▶ _Data records_
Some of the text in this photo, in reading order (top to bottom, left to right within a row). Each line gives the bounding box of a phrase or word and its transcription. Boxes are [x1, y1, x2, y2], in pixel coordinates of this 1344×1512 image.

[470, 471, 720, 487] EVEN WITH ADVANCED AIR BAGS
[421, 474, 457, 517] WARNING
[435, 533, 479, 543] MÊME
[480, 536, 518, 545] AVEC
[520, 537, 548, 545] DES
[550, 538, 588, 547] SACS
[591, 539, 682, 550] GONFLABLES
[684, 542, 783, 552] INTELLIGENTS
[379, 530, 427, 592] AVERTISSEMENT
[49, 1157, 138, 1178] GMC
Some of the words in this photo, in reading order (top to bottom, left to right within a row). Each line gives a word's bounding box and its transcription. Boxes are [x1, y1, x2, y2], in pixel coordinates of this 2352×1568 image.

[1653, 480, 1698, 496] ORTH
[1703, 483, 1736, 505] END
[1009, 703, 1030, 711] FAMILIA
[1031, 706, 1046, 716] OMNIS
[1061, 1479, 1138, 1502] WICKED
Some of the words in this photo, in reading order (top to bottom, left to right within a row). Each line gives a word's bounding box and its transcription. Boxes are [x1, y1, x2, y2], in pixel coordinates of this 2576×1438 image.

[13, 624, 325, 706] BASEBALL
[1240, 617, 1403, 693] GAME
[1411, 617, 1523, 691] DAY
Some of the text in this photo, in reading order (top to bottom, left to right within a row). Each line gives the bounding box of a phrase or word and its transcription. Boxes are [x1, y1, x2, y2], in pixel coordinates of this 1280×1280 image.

▶ _Task goal_
Begin with the line that holds "this 2352×1568 image." and write out each line from there to the end of the material, exactly as it stands. Include nothing else.

▶ _Exercise output_
Some of the words in this photo, in reading order (top to bottom, left to right within a row). Each line gives a word's bounding box and its transcription. Boxes are [x1, y1, x2, y2], in pixel coordinates of this 2352×1568 image.

[1653, 480, 1698, 496] ORTH
[1703, 483, 1736, 505] END
[1009, 703, 1030, 711] FAMILIA
[1031, 706, 1046, 716] OMNIS
[1061, 1479, 1138, 1502] WICKED
Some of the words in this photo, in reading order (top to bottom, left to right within a row). Each line gives a word's bounding box and its transcription. Boxes are [x1, y1, x2, y2], in pixel coordinates of this 2576×1438 image.

[13, 624, 325, 706] BASEBALL
[1240, 617, 1403, 693] GAME
[1411, 617, 1523, 691] DAY
Some of the text in this photo, in reading order (top to bottom, left to right within a row). Each line gives the bounding box of a phrase or word and its transcription. Boxes are [x1, y1, x2, y2], in pixel coordinates of this 1280×1280 image.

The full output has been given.